Nour Moussa (C) of Soho Properties walks into his property at 45 Park Place, the site of the proposed Muslim Community Center and Mosque, two blocks from Ground Zero in New York on August 17, 2010. Moussa and others involved in the controversial project claim the community center is intended to help bridge the gap between Christians, Jews and Muslims with exhibition space and recreational facilities in addition to an area for Islamic prayer. UPI/John Angelillo | License Photo
WASHINGTON, Aug. 19 (UPI) -- President Obama's comments about a planned mosque in New York have placed a national spotlight on the controversial project, observers said.
Efforts to launch the $100 million Cordoba House -- now dubbed Park51 -- two blocks north of the World Trade Center site attacked Sept. 11, 2001, by terrorists has been an uphill battle from the start, with opponents saying it was disrespectful to the victims and survivors, and government officials and real estate insiders questioning whether it has a chance of coming to fruition, Politico reported Wednesday.
The initiative hasn't begun fundraising for its $100 million goal and its 2008 fundraising report with the state attorney general's office -- the latest available -- indicates it has $18,255, officials said.
The group also lacks real estate essentials such as a blueprint, architect, lobbyist and engineer, and didn't do advance work to enlist religious leaders in New York who could have defended the project when the negative publicity began, observers told Politico.
In an interview with the Washington publication, the group's spokesman, Oz Sultan, said using foreign money to develop the site wouldn't be ruled out, but the project's goal was to use domestic funds.

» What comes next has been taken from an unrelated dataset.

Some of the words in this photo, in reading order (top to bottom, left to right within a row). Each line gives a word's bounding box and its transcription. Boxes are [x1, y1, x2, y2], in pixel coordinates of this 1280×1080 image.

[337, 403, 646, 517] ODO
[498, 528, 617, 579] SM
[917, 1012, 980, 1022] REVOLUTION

Observers say the project has accomplished one thing -- embarrassing the president, who put the issue on the national stage when he said the plan for the Islamic center was about religious freedom, not "the wisdom" of putting a mosque so close to Ground Zero.

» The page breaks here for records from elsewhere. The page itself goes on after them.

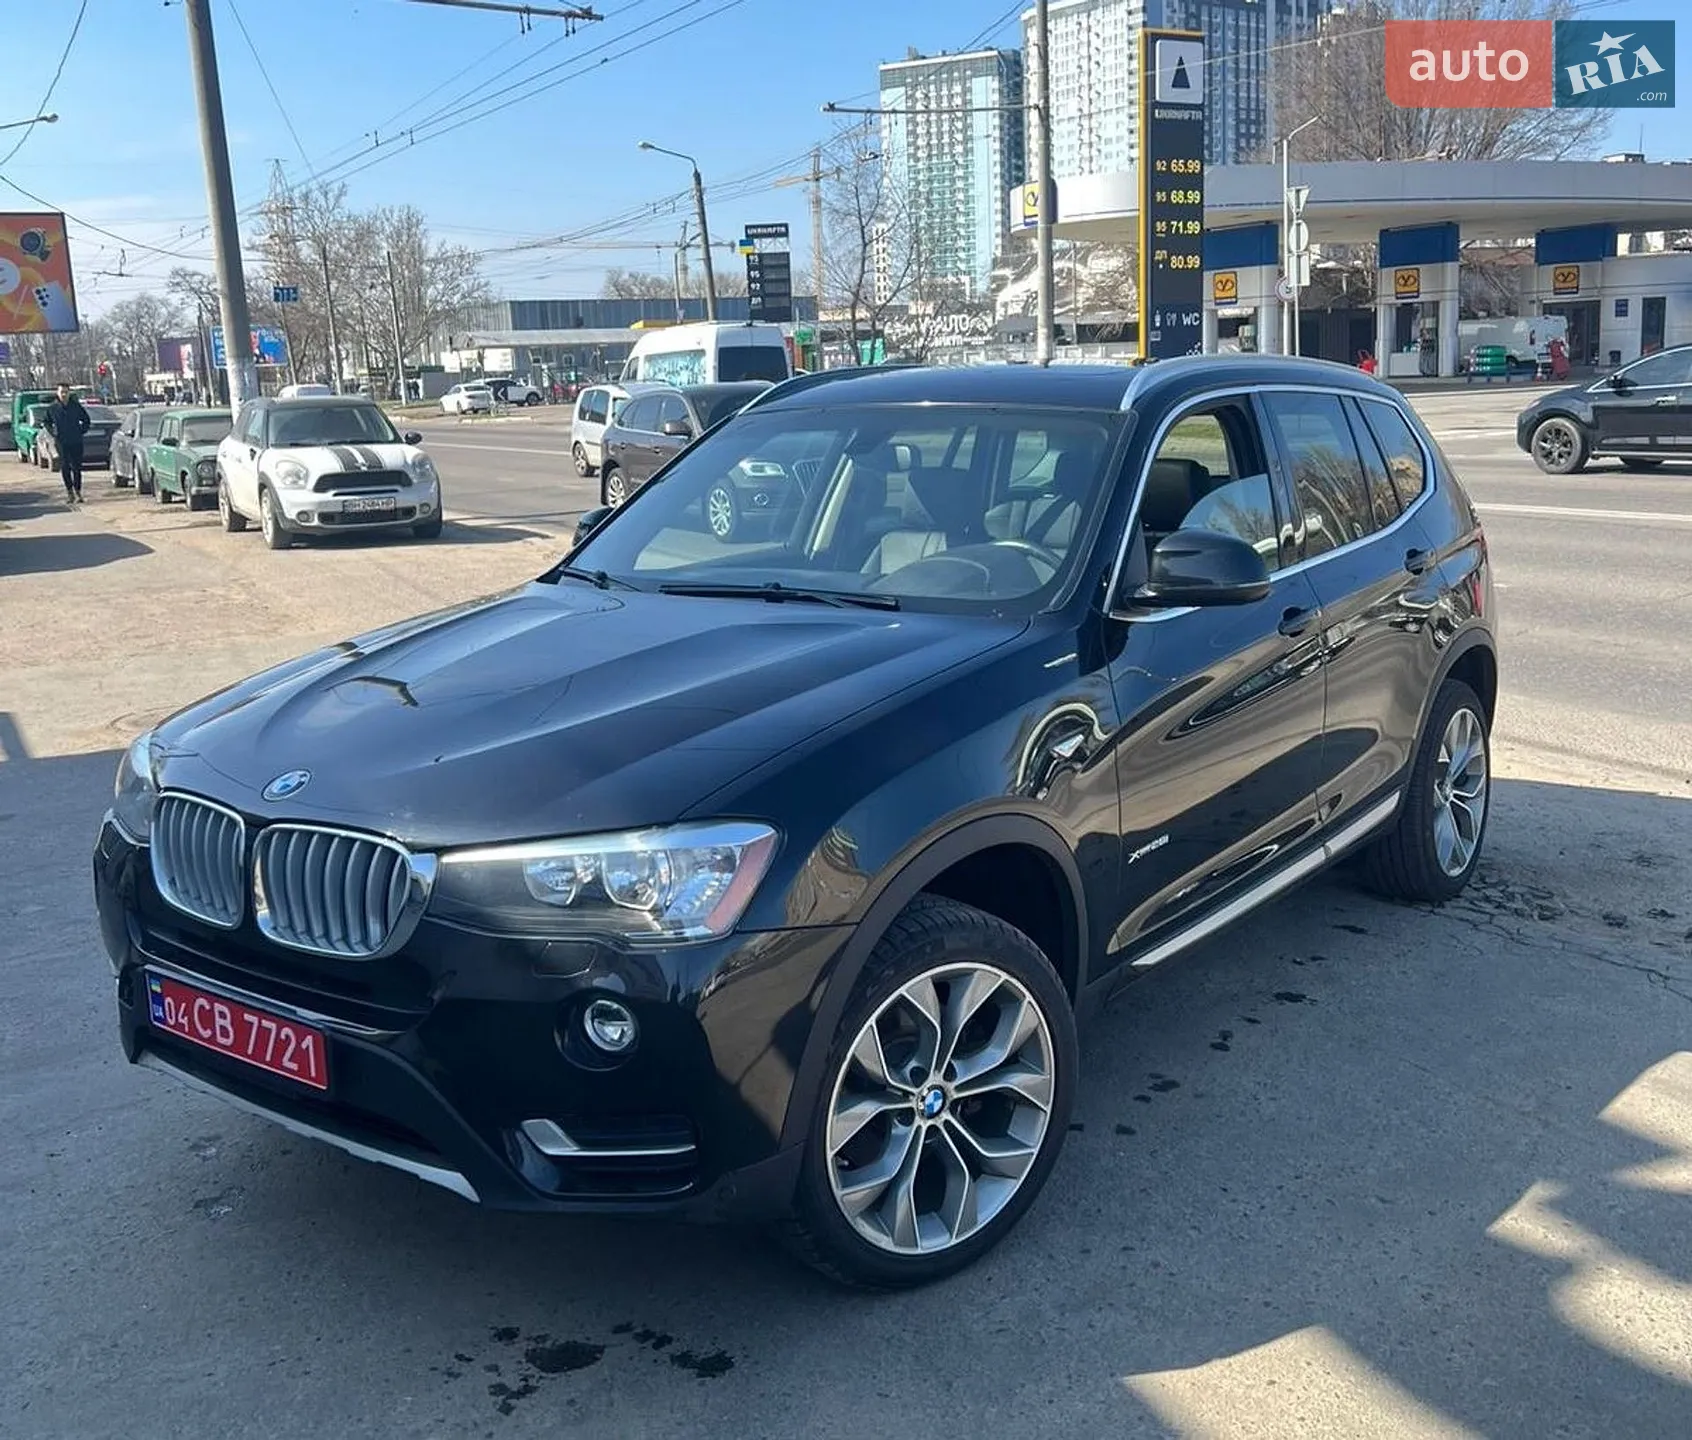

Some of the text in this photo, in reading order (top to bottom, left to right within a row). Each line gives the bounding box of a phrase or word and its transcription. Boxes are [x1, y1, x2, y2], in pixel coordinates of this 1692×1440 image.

[1155, 158, 1201, 174] 92 65.99
[1170, 189, 1201, 204] 68.99
[1170, 220, 1201, 235] 71.99
[1170, 255, 1201, 269] 80.99
[1181, 312, 1200, 326] WC
[153, 1004, 165, 1019] UA
[243, 1012, 316, 1078] 7721

New York real estate participants say Park51 offers a teachable moment on how not to handle development politics in a city where construction projects are difficult at best.
"They needed to talk to all the right people and they never did. That's a normal part of building any building in Manhattan," said George Arzt, a public relations specialist who was former New York Mayor Ed Koch's press secretary. "Normally what they would have done would be to get the architect, the PR, the government operation, community outreach all together in a team."